VMware Cloud Community
christianZ
Champion
Champion

New !! Open unofficial storage performance thread

Hello everybody,

the old thread seems to be sooooo looooong - therefore I decided (after a discussion with our moderator oreeh - thanks Oliver -) to start a new thread here.

Oliver will make a few links between the old and the new one and then he will close the old thread.

Thanks for joining in.

Reg

Christian

574 Replies
christianZ
Champion
Champion

Hi,

the "Real Life 60% Rand - 65% Read" looks to good to me - have here 2 MD3220 / SAS with 24 10k disks and saw ca. 3500 iops on R5/11 disks (maybe I try to configure a R1 set with 8/10 disks and test also)

Should the 15k disks make such a difference? Have you repeated your tests?

Reg

Christian

P.S. And yes its true - each controller has 2GB cache included (and a flash card with 8GB).

Reply
0 Kudos
makruger
Contributor
Contributor

@ Christian,

These whitebox results I recently posted were obtained using the perftest.iso file available from http://vmktree.org/iometer/. While I have not performed a diff, their script looks to be the same as yours. So, for the Real Life result of iops=12870, I believe the size would have been 8192KB.

I am quite suprised to see these kinds of numbers myself. But I have run this test many times with the same results. All I can say is Openfiler 2.99 File I/O with WB, using dual Realtek 8168B NICS and ESXi 5.0 MPIO performs very well. Nearly 2 gigs of memory buffer sure helps. FWIW.... I could only get 150MB reads using Intel NICS and the IOPS were quite a bit less too.

I have tried several NAS products (NexentaStor, Open-E, FreeNAS), and while they all have their merits, their ISCSI File I/O performance cannot match Openfiler. They don't even come close. Attached are results from the best run I've achieved:

untitled.PNG

Whitebox NAS and whitebox ESXi 5.0.

Reply
0 Kudos
alexxdavid
Contributor
Contributor

Hi Christian

I don't think that the 15krpm is doing much difderence except on the latency side as i get nearly the same results on the 10krpm ones, also i have repeated the tests and am getting the same results. Tests are done on 2 different servers as well with nearly the same specs both with 4x nics reserved for iscsi and the results are the same.
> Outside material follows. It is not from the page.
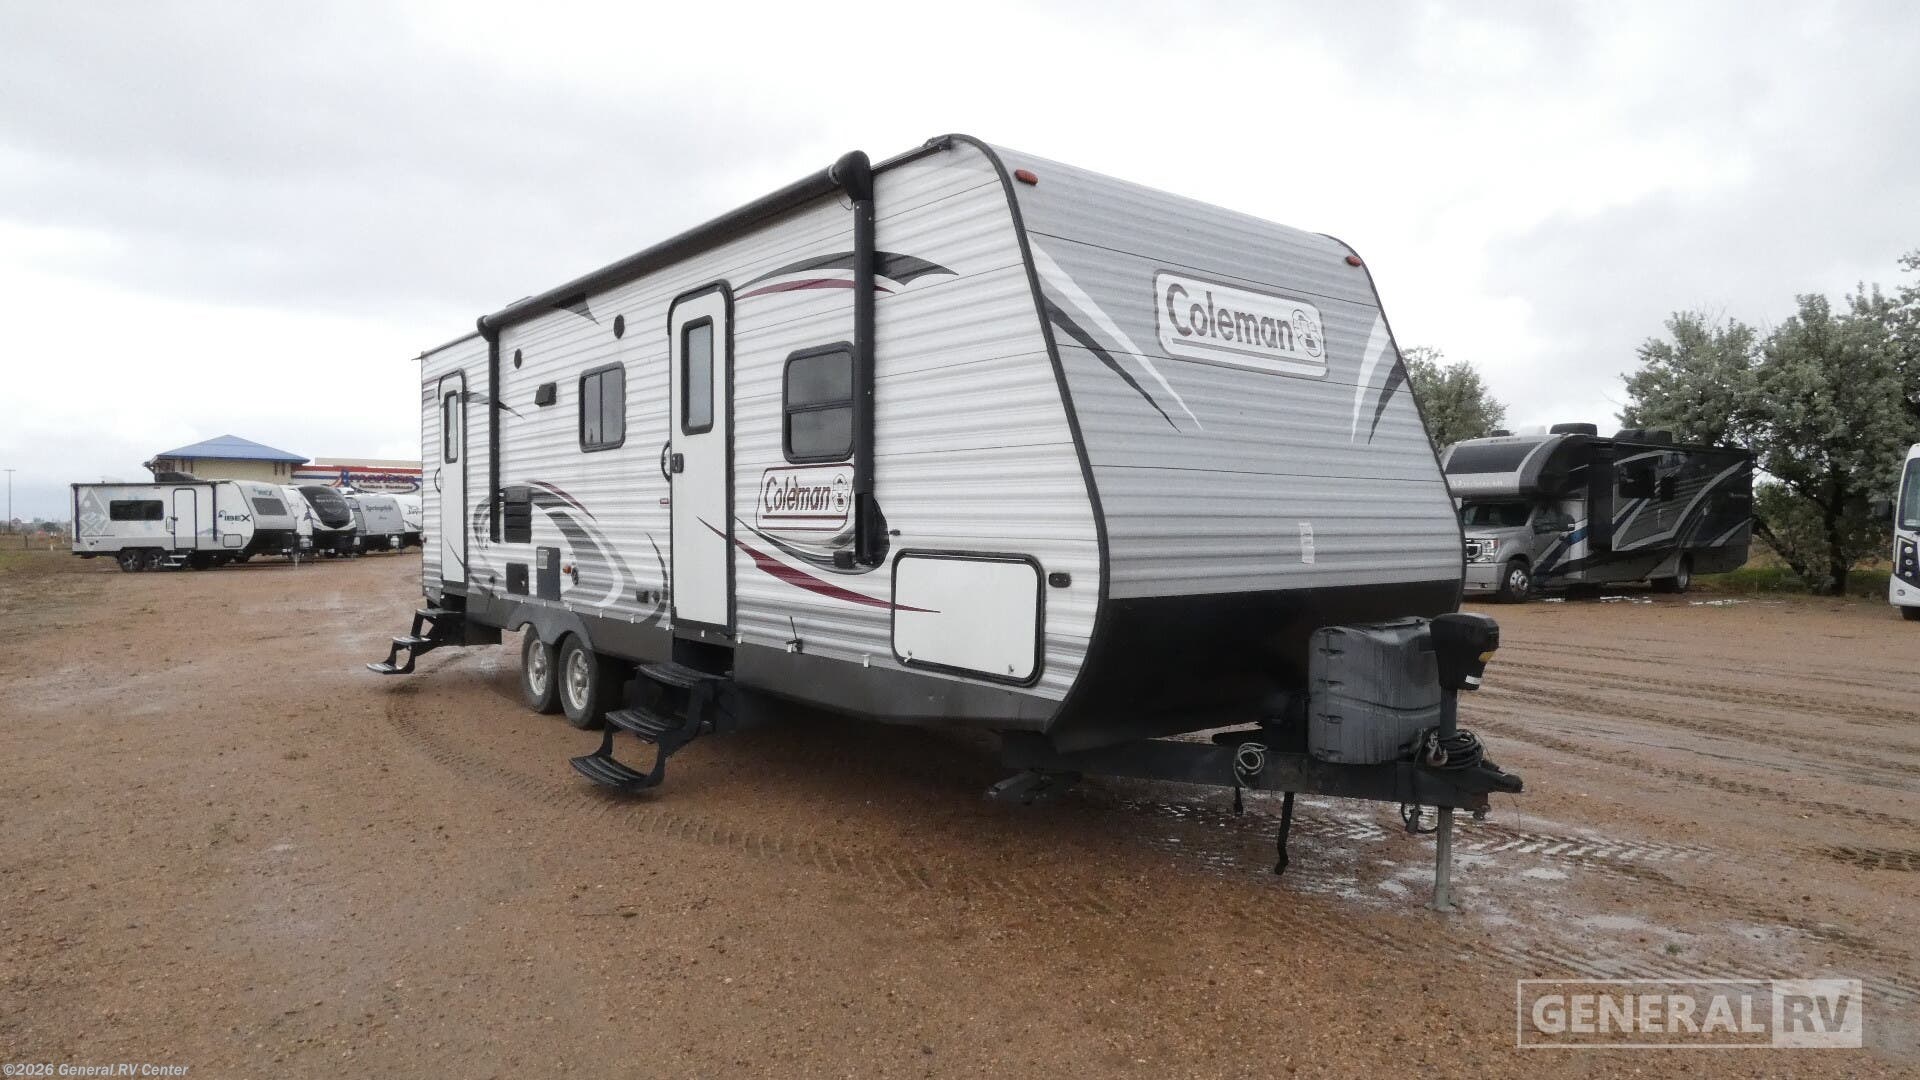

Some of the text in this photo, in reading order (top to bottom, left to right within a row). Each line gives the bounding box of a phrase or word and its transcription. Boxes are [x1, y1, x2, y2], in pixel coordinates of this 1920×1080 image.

Also the tests are being done while another 10 servers are running, 5 on each server. The last test was done an a running exchange 2010 server but at this time of the day there is no load at all as the company doesn't operate on weekends.

Oh and btw , my iops setting is set to 1, would it be better to have it set to 3 for the MD or 1 Shouldn't cause any problems in the long run?

Regards

David

Sent from my iPhone

Reply
0 Kudos
christianZ
Champion
Champion

@makruger

Thanks for the feed back. If your testfile is only ca. 8000KB - that means ca. 8MB then all the ios comes from cache (or ram in your case).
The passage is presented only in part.